Activity: Only the text carries over: repeat the records exactly and drop the images.

*** Opening Data ***

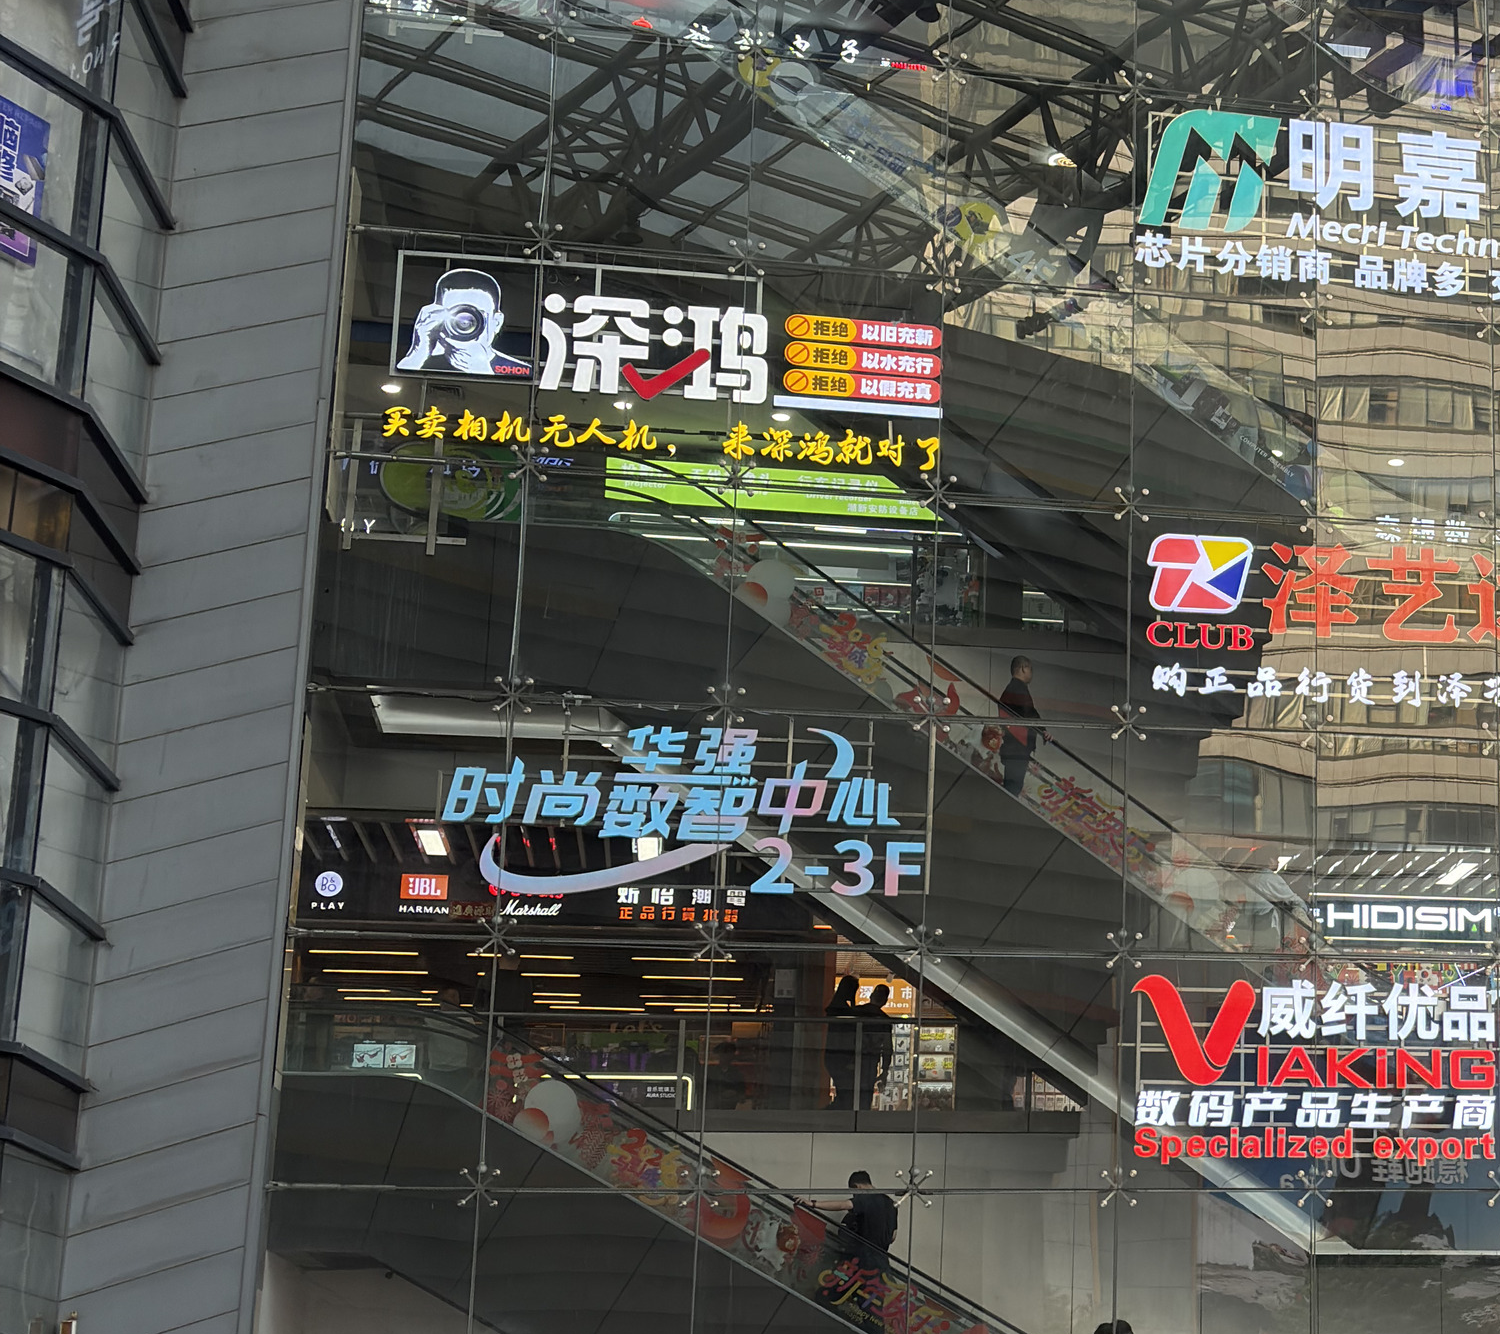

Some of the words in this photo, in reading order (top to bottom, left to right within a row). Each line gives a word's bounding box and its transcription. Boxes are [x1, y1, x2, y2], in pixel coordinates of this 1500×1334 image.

[1285, 212, 1388, 248] Mecri
[1136, 231, 1331, 286] 芯片分销商
[1354, 255, 1466, 298] 品牌多
[812, 319, 849, 338] 拒绝
[861, 323, 934, 347] 以旧充新
[539, 292, 769, 406] 深鸿
[812, 347, 849, 366] 拒绝
[861, 351, 934, 375] 以水充行
[494, 365, 530, 376] SOHON
[811, 374, 848, 393] 拒绝
[860, 378, 932, 401] 以假充真
[1146, 621, 1255, 651] CLUB
[622, 725, 759, 774] 华强
[442, 729, 900, 842] 时尚数智中心
[750, 835, 926, 897] 2-3F
[408, 877, 441, 897] JBL
[310, 901, 345, 911] PLAY
[399, 904, 450, 916] HARMAN
[499, 899, 563, 917] Marshall
[1326, 903, 1492, 933] HIDISIM
[859, 985, 913, 1000] 深市
[1256, 979, 1496, 1043] 威纤优品
[1133, 1089, 1497, 1131] 数码产品生产商
[1133, 1126, 1354, 1165] Specialized
[1372, 1132, 1497, 1166] export

*** Closing Data ***

Answer for the task:
Some of the words in this photo, in reading order (top to bottom, left to right within a row). Each line gives a word's bounding box and its transcription. Boxes are [x1, y1, x2, y2], in pixel coordinates of this 1500×1334 image.

[1285, 212, 1388, 248] Mecri
[1136, 231, 1331, 286] 芯片分销商
[1354, 255, 1466, 298] 品牌多
[812, 319, 849, 338] 拒绝
[861, 323, 934, 347] 以旧充新
[539, 292, 769, 406] 深鸿
[812, 347, 849, 366] 拒绝
[861, 351, 934, 375] 以水充行
[494, 365, 530, 376] SOHON
[811, 374, 848, 393] 拒绝
[860, 378, 932, 401] 以假充真
[1146, 621, 1255, 651] CLUB
[622, 725, 759, 774] 华强
[442, 729, 900, 842] 时尚数智中心
[750, 835, 926, 897] 2-3F
[408, 877, 441, 897] JBL
[310, 901, 345, 911] PLAY
[399, 904, 450, 916] HARMAN
[499, 899, 563, 917] Marshall
[1326, 903, 1492, 933] HIDISIM
[859, 985, 913, 1000] 深市
[1256, 979, 1496, 1043] 威纤优品
[1133, 1089, 1497, 1131] 数码产品生产商
[1133, 1126, 1354, 1165] Specialized
[1372, 1132, 1497, 1166] export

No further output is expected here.